Send each entry back exactly as given, pictures excluded.

## GIVEN DATA
-------------------------

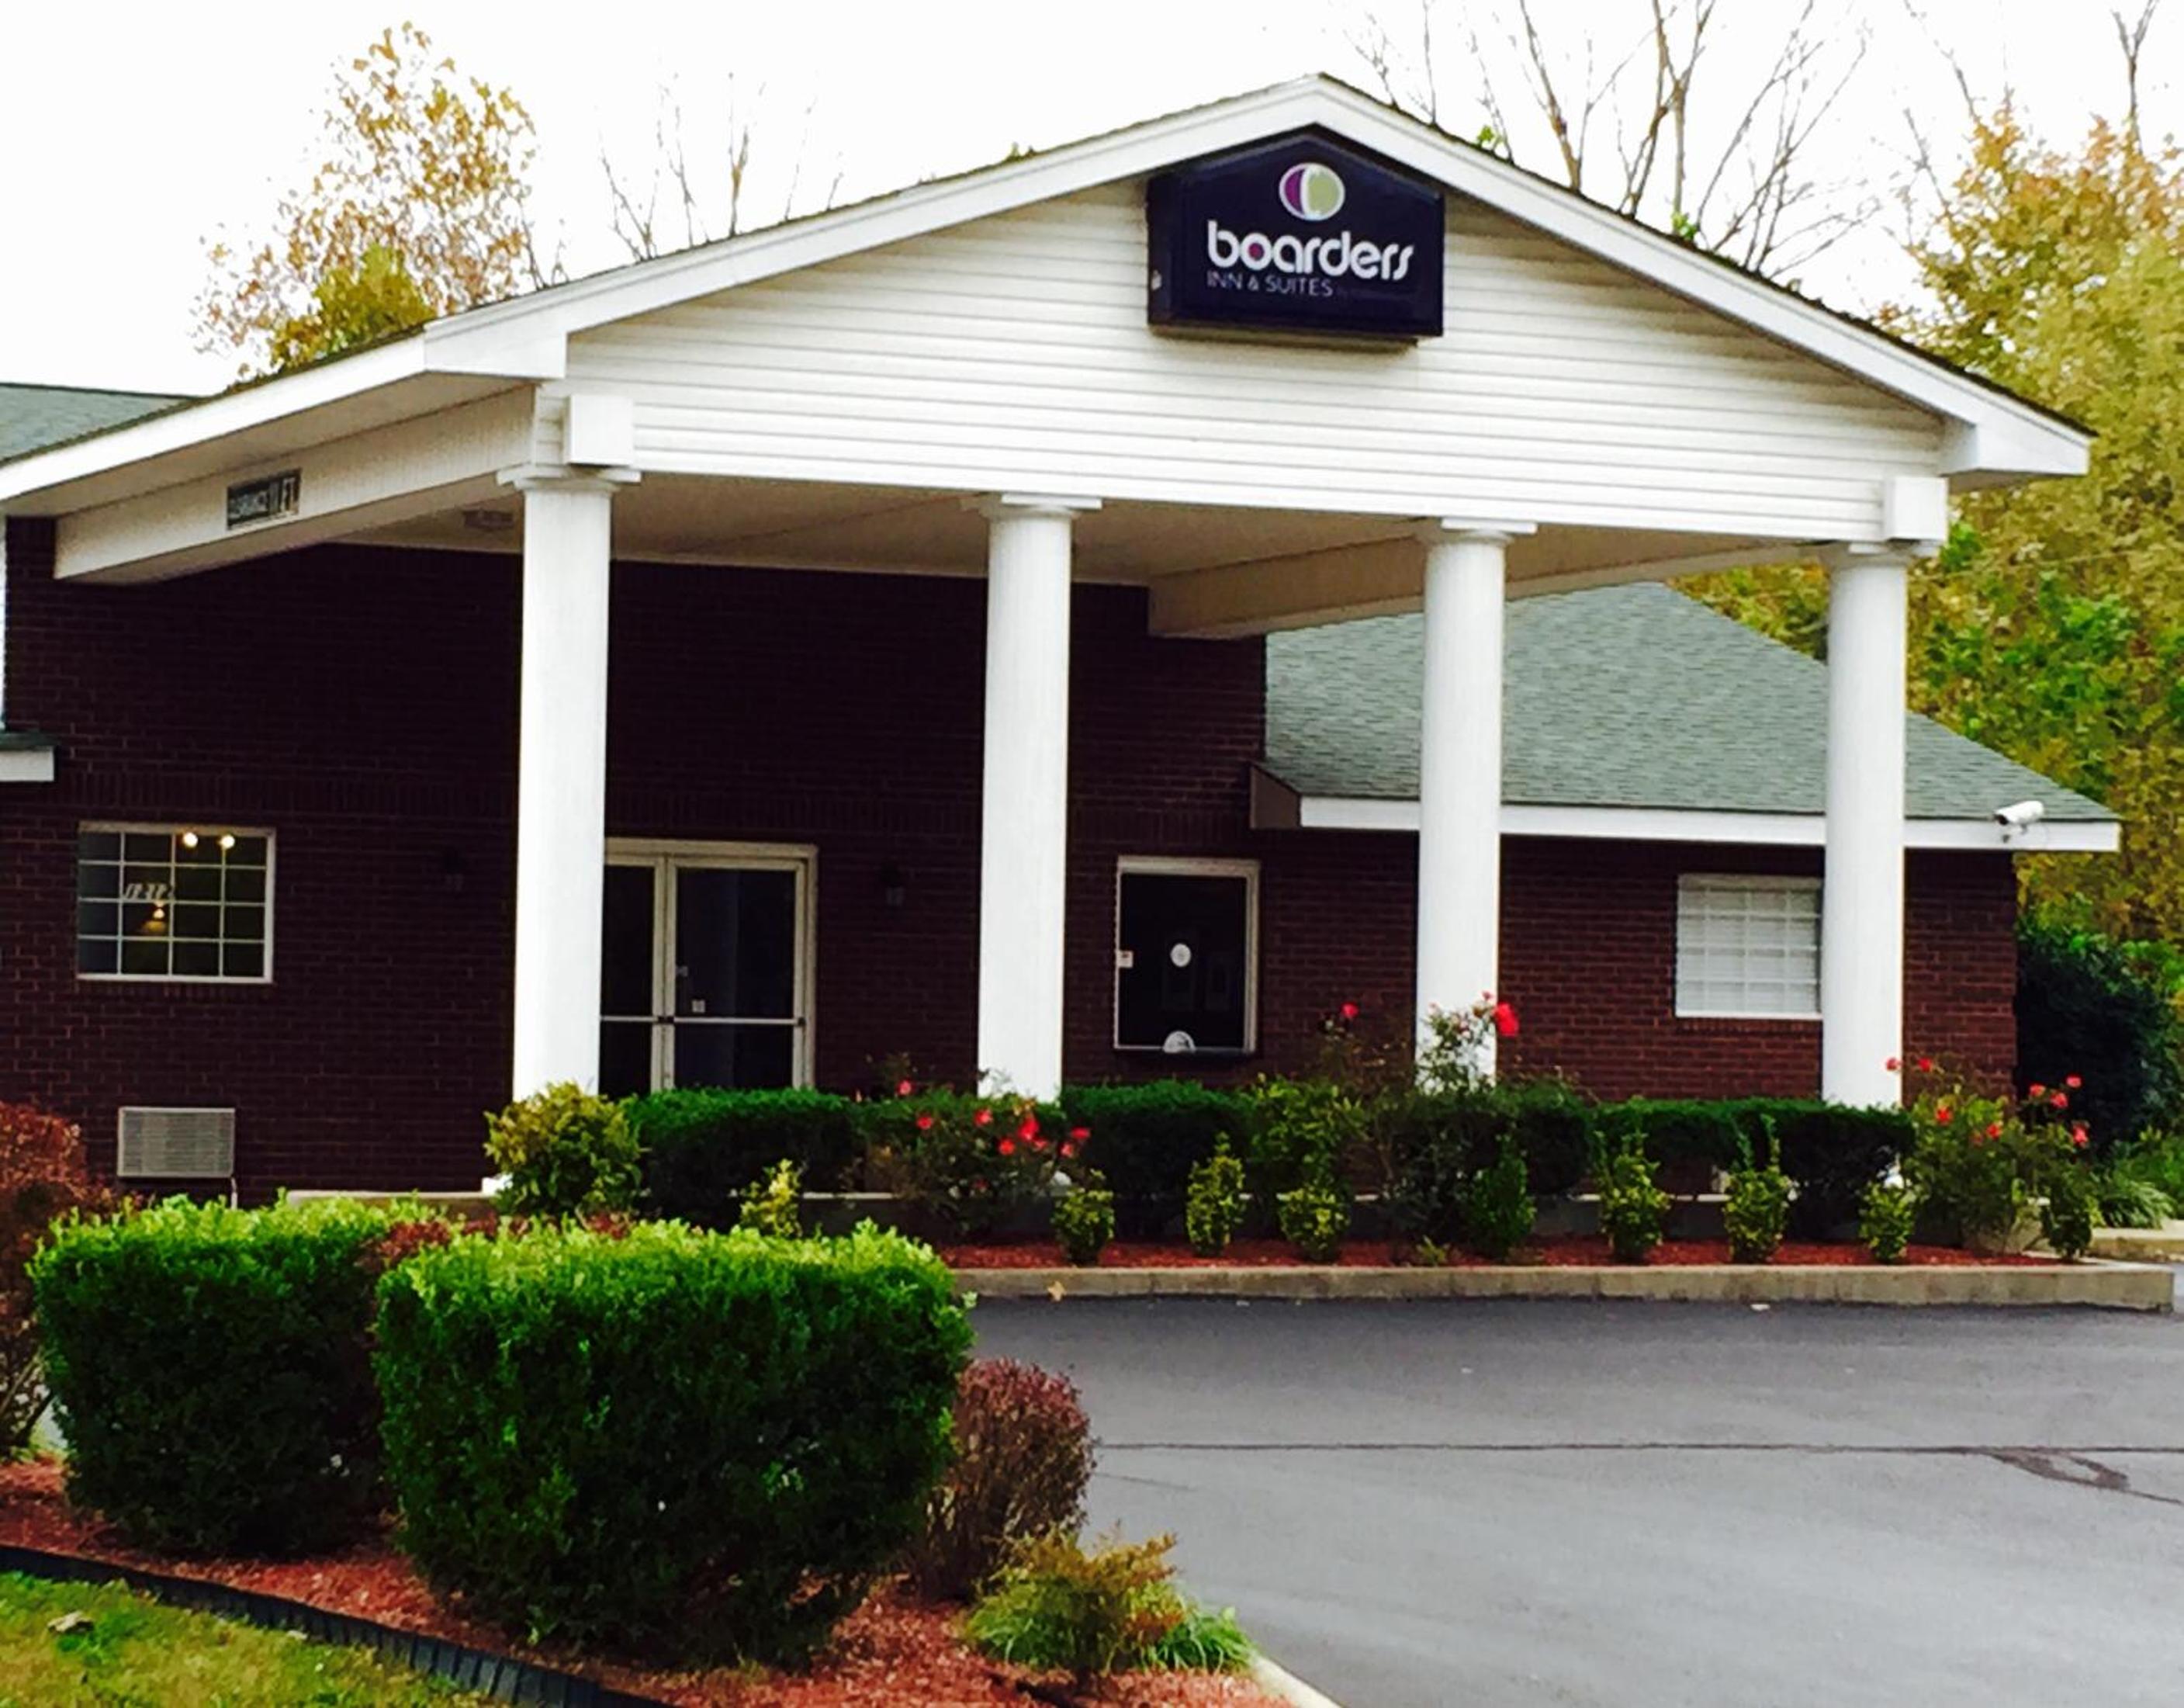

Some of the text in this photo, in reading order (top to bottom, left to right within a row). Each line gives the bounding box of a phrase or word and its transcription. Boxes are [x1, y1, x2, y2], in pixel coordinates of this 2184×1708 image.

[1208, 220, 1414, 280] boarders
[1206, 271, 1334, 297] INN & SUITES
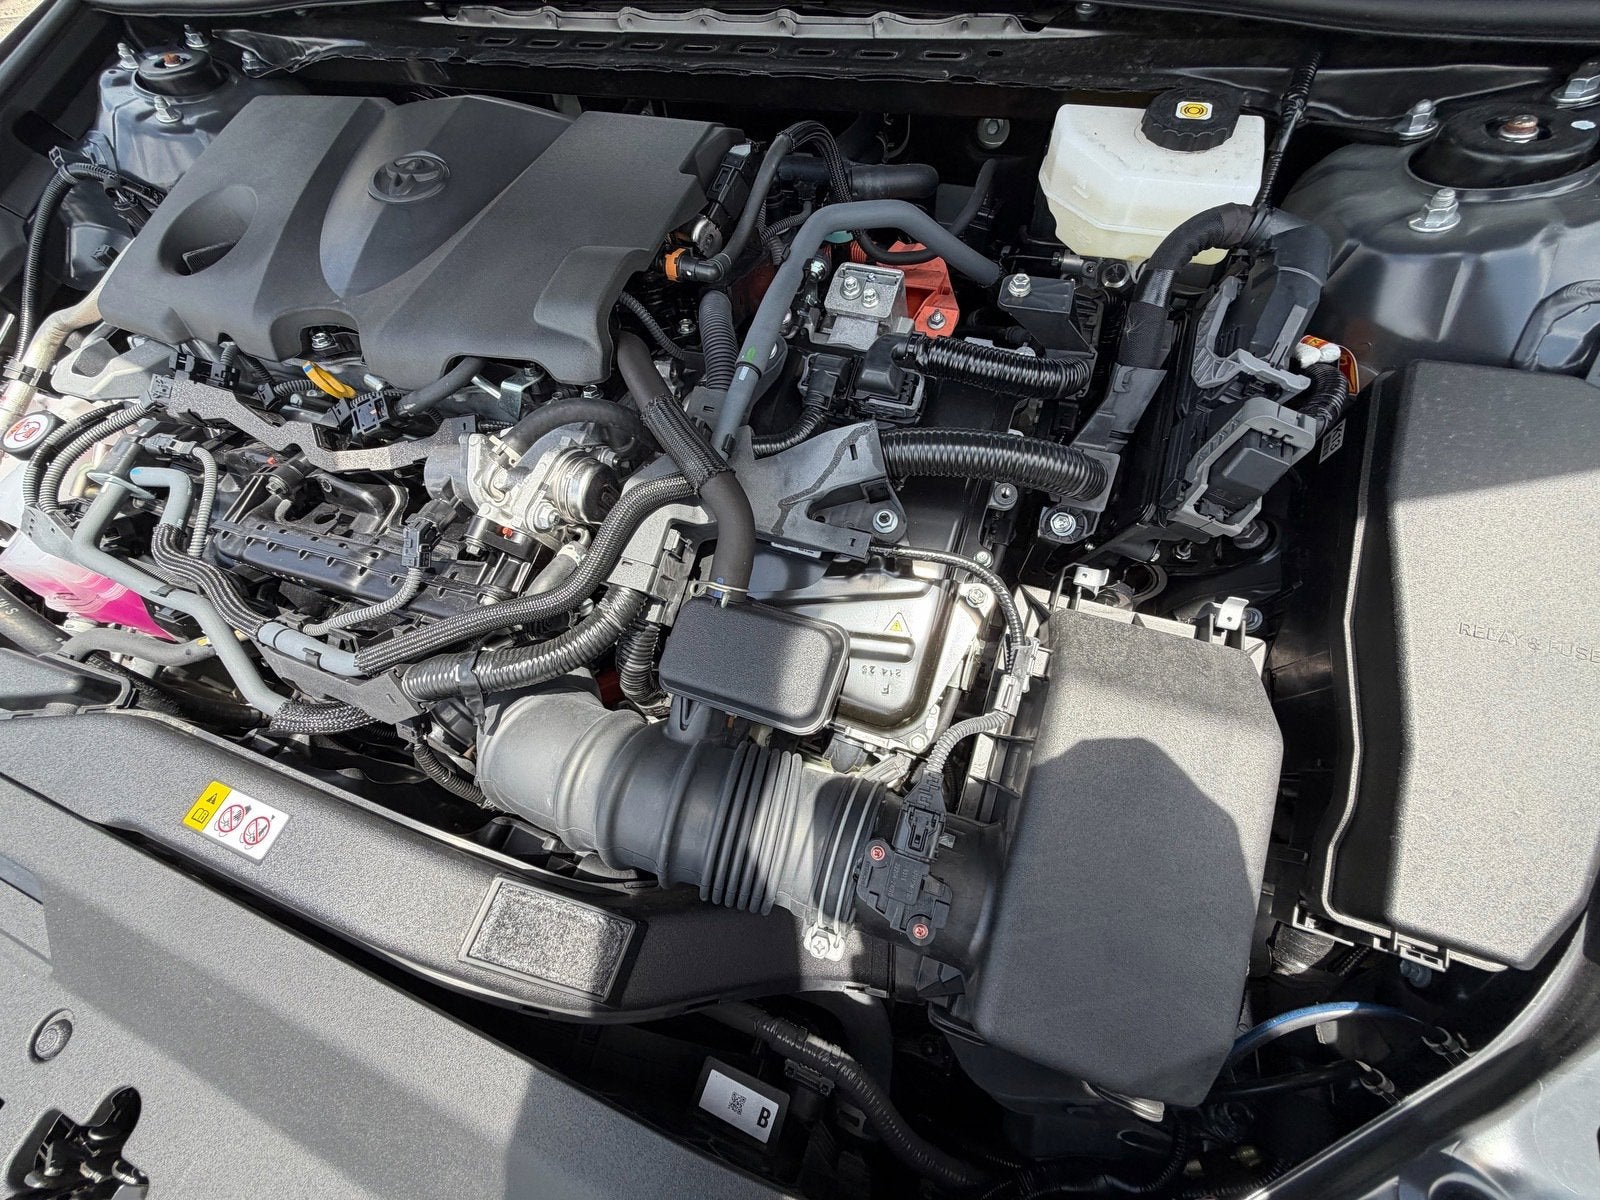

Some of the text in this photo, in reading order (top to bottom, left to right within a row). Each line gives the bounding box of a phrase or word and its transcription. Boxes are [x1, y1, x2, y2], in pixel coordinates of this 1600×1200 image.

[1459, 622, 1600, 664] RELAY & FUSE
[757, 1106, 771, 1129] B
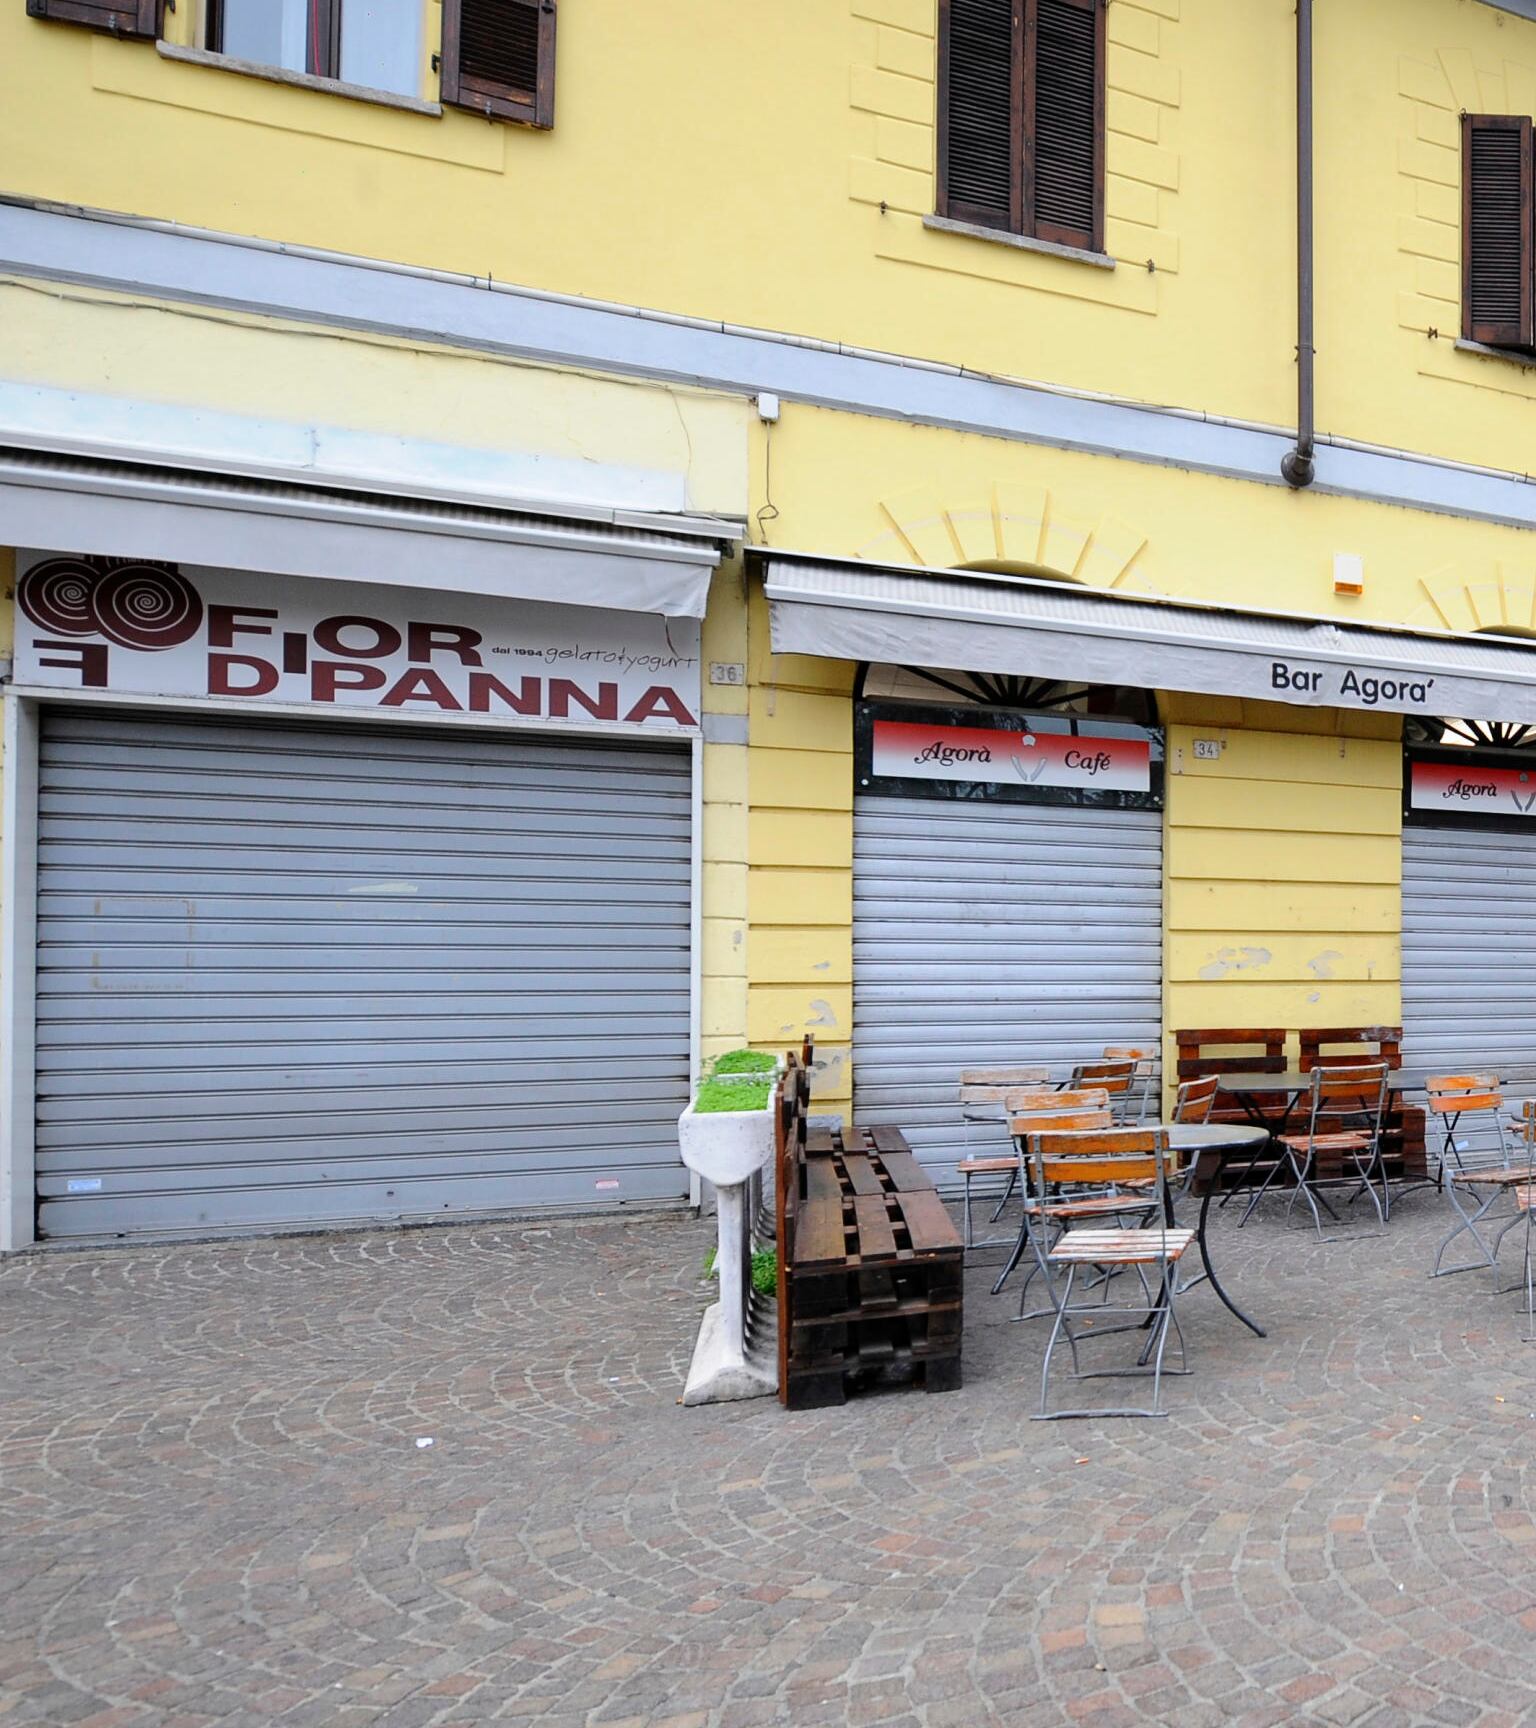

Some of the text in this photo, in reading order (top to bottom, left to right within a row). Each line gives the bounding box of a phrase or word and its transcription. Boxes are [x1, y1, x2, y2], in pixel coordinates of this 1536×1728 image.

-------------------------

## WRITTEN RESPONSE
Some of the text in this photo, in reading order (top to bottom, left to right within a row). Each line gives the bounding box of a phrase or word and its transcription. Boxes are [x1, y1, x2, y2], in pixel coordinates of this 2184×1708 image.

[1208, 220, 1414, 280] boarders
[1206, 271, 1334, 297] INN & SUITES

Some of the text in this photo, in reading order (top to bottom, left to right within a row). Each line gives the bounding box of a phrase or word and its transcription. Boxes are [x1, y1, x2, y2], in pixel coordinates of this 1600×1200 image.

[1459, 622, 1600, 664] RELAY & FUSE
[757, 1106, 771, 1129] B

Some of the text in this photo, in reading order (top to bottom, left to right within a row). Each line gives the bounding box of a phrase or word and its transcription. Boxes are [x1, y1, x2, y2], in pixel coordinates of this 1536×1728 image.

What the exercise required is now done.